[SUPPLIED ENTRIES Boundary: Start]

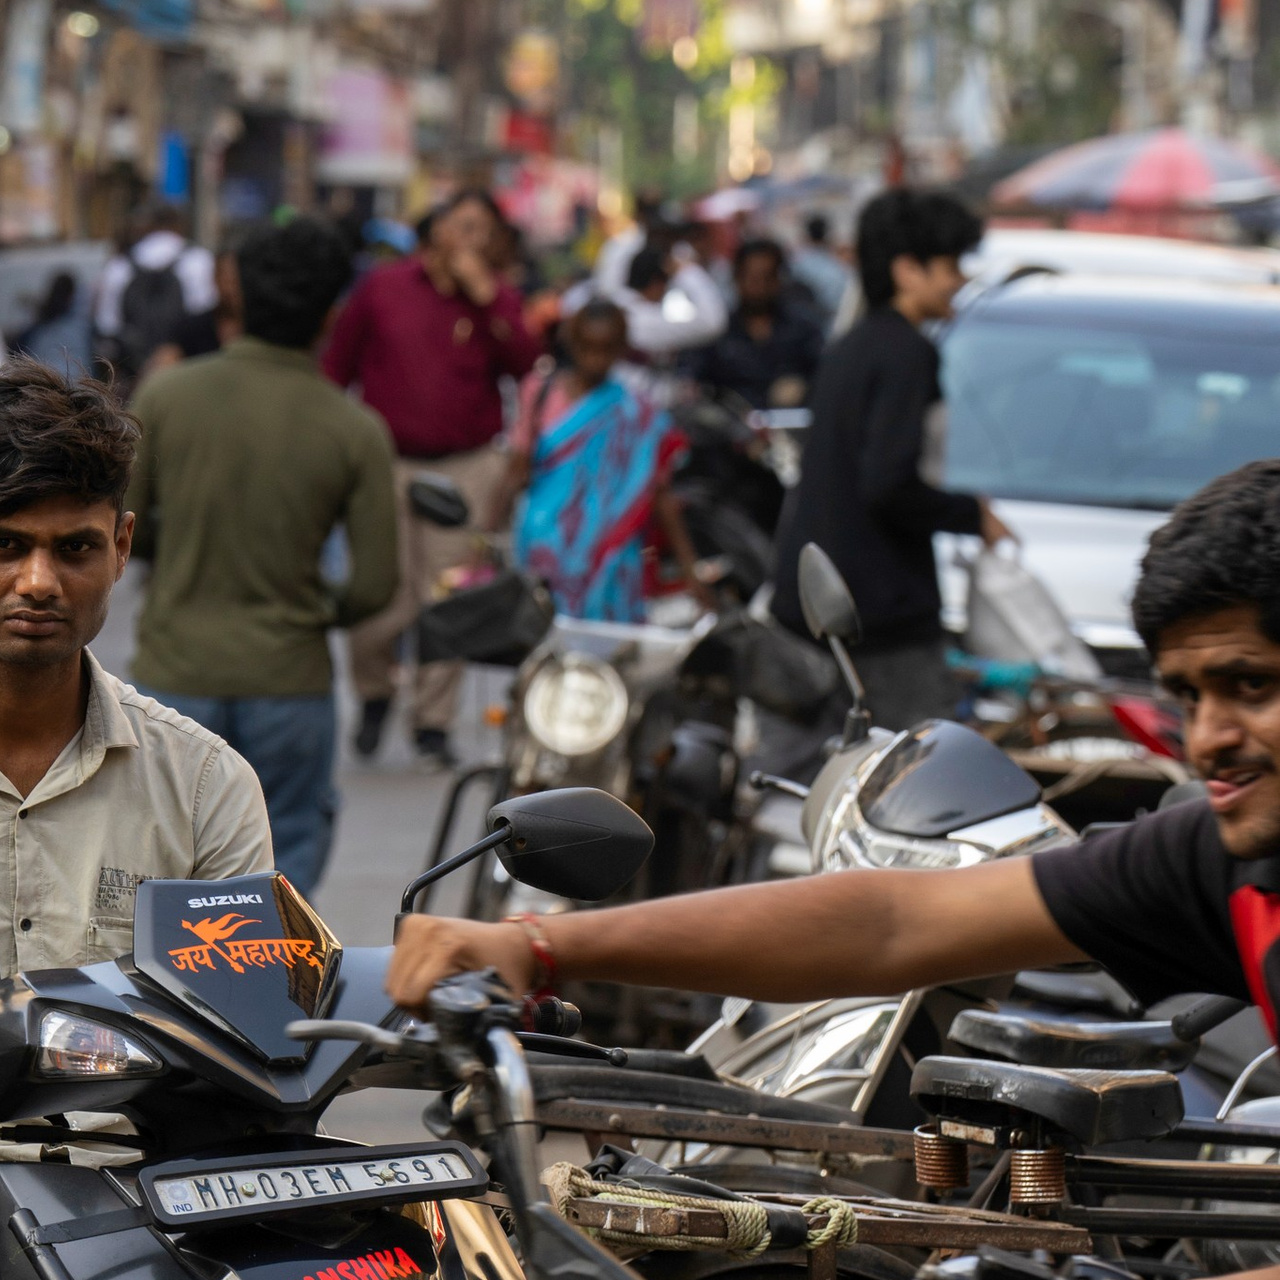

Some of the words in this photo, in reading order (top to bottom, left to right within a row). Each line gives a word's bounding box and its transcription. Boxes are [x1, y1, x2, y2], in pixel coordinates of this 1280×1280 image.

[187, 894, 263, 909] SUZUKI
[168, 944, 217, 973] जय
[223, 938, 324, 969] महाराष्ट्र
[172, 1202, 193, 1214] IND

[SUPPLIED ENTRIES Boundary: End]

YOUR OBJECTIVE: In your answer, repeat all the entries exactly, but leave out the pictures.

YOUR RESPONSE:
Some of the words in this photo, in reading order (top to bottom, left to right within a row). Each line gives a word's bounding box and its transcription. Boxes are [x1, y1, x2, y2], in pixel coordinates of this 1280×1280 image.

[187, 894, 263, 909] SUZUKI
[168, 944, 217, 973] जय
[223, 938, 324, 969] महाराष्ट्र
[172, 1202, 193, 1214] IND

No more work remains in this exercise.